Abendroth served with the army in France during World War I, first in an Infantry company, and later with an Engineer unit. He achieved the rank of first sergeant by the end of the war, and was discharged in 1919.

Resumption of military service
In 1927, Abendroth rejoined the Idaho National Guard and was commissioned as a second lieutenant of Cavalry. He quickly advanced through command and staff positions of increasing rank and responsibility, including serving as military aide to the Governor of Idaho with the rank of captain.  He commanded the 116th Cavalry Regiment as a colonel in the years immediately preceding the Second World War.

Abendroth also pursued a civilian career in state government, including appointments as a Purchasing Agent and Claims Examiner in the Purchasing Department, Budget Director for the State of Idaho, Disbursing Officer in the Highway Department, and Rural Electrification Manager for Idaho Power.

In 1938, Abendroth was tried on embezzlement charges, accused of taking money while working as a Purchasing Agent for the state.

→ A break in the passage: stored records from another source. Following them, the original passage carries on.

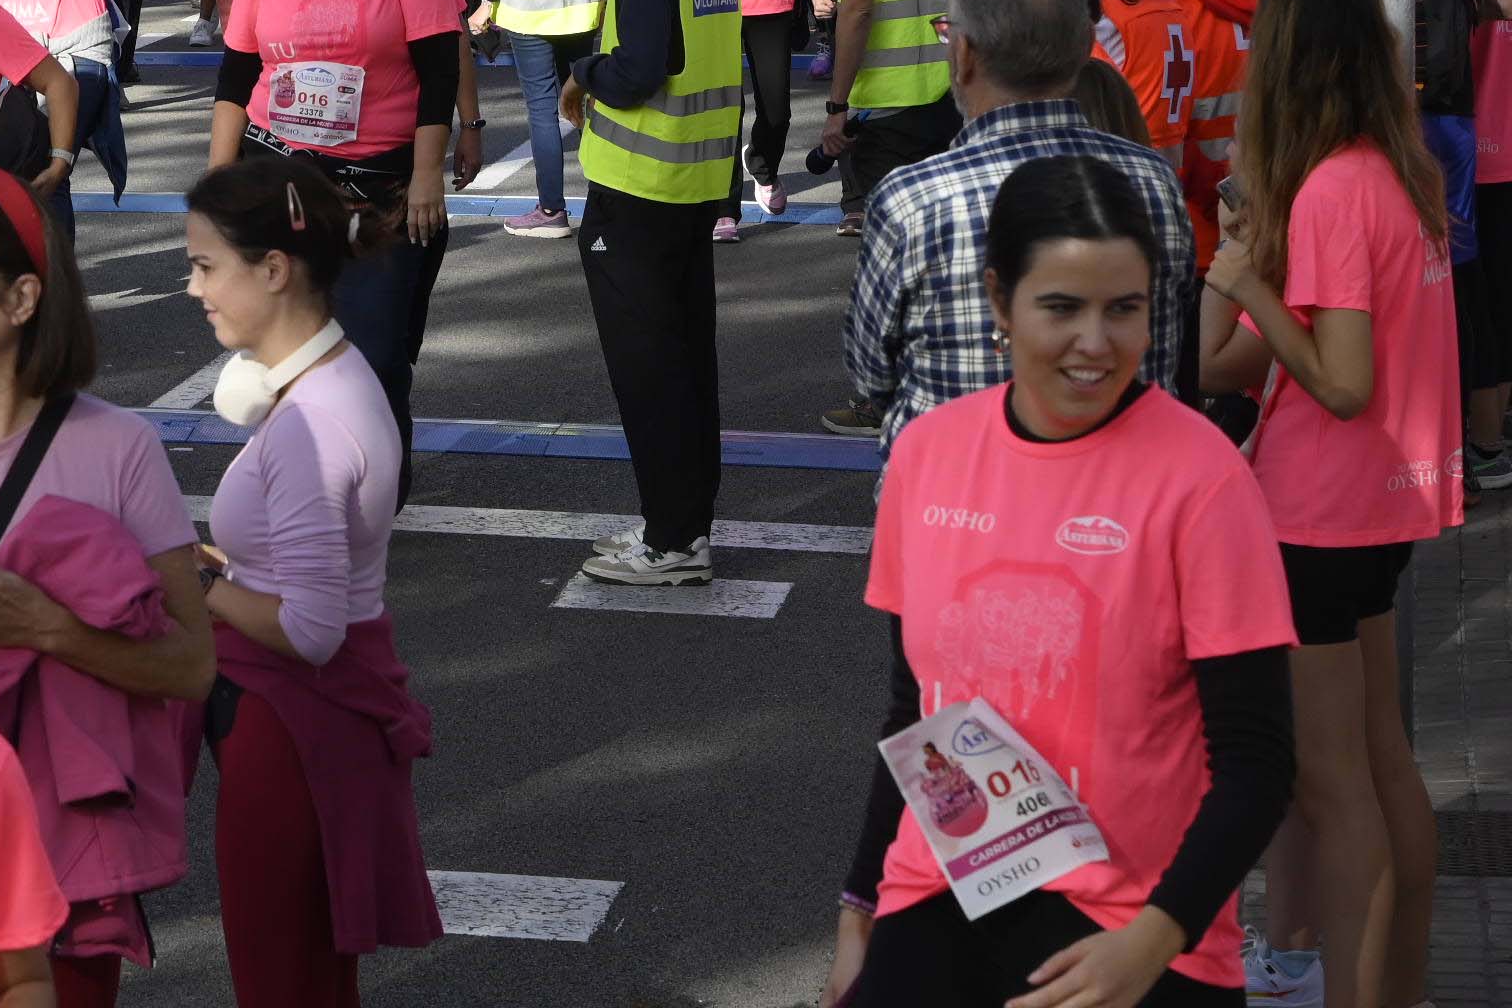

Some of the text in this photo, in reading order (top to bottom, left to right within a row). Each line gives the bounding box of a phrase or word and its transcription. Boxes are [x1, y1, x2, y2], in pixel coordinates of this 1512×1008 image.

[268, 41, 297, 60] TU
[299, 71, 333, 85] ASTURIANA
[298, 91, 329, 107] 016
[276, 114, 300, 124] CARRERA
[299, 107, 324, 118] 23378
[1476, 142, 1499, 154] SHO
[923, 504, 997, 534] OYSHO
[969, 834, 1025, 867] CARRERA
[1026, 825, 1045, 839] DE
[977, 856, 1042, 897] OYSHO

He was charged with three counts, one each for $50, $250 and $50. He received a directed verdict of acquittal from the judge after the primary witness against Abendroth impeached himself under direct examination by the prosecutor.

World War II
Abendroth was called to active duty for World War II.  Assigned to the Headquarters of the IX Corps, he was posted as commandant of the Officer Candidate School, provost marshal for the corps area and Commandant of the corps headquarters, serving in Hawaii, the Philippines, and Japan.

Post World War II
Upon returning to the United States Abendroth became a student at the United States Army Command and General Staff College, from which he graduated in 1946.

In April 1946 he was appointed adjutant general of the Idaho Military Department and federal director of Selective Service for Idaho, receiving promotion to brigadier general.  He served until December, when a change in the governorship led to his resignation, enabling the new governor to appoint his own candidate.

As a colonel, Abendroth was then called to active duty, serving in the National Guard and Reserve Policy Office for the Chief of Staff of the United States Army from 1947 to 1949.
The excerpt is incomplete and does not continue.